別れは出会い無しには訪れない。別離の悲しみは出会いへの恐れと等しいものではなく、過程にある儚くもほの光る一瞬とその積み重ねこそが出会いと別れの本質であろう。月影が雲に隠れるように唐突で、白露のような刹那に似た人生。しかして、美しく感じた想いも次の一瞬への飽くなき期待も、現世のまこと。
かつての友の「神の目」の抜け殻が万葉に様々な出会いをもたらしたように、旅人の持つその羽も彼らに導きを与えるものだ。そして旅人は「約束」という願いを抱えながら、旅の終点を目指す。
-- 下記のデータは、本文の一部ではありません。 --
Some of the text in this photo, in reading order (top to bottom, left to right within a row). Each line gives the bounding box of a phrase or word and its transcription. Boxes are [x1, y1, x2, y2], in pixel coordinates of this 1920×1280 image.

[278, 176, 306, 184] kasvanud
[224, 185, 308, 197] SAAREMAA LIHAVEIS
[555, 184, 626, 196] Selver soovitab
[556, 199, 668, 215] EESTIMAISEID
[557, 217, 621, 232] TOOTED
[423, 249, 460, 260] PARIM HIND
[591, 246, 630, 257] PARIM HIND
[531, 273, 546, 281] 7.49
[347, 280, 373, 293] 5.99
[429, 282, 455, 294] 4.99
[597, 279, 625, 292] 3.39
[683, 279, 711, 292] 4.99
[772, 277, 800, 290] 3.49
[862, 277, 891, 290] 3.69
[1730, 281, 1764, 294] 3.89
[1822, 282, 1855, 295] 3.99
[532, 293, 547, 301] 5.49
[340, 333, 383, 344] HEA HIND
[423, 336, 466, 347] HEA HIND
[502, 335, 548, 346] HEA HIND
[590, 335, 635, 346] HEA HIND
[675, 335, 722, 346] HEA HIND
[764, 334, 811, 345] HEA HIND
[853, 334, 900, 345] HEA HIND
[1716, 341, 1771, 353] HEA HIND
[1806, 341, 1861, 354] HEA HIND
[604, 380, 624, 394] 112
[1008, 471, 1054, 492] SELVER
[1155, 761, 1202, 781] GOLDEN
万葉と旅人の運命は璃月での出会い、そして稲妻での戦いを経て交錯した。今しばらく行動をともにすることになるだろう。旅の目的こそ万葉と違えど、心を通わせ絆を結び、同じ時を過ぎすことはできる。これは、刹那を共にしたかつての友が万葉に教えてくれたことであり、万葉自身の願いでもある。
彼らの旅は困難を極めるだろう。かつて稲妻へ向かう旅人らに、万葉は旅に対する意味を見いだせることを願った。多くの出会い、別れを経て願いを重ねてゆく彼らが一つの仮説を得る未来もそう遠くはない。
その時彼らは何を思うだろう?願わくは、己の旅路を振り返り終点に向けて踏み出す時、交錯した縁が、重ねた夢が、彼らの旅路にかかる雲を晴らす導きの風にならんことを。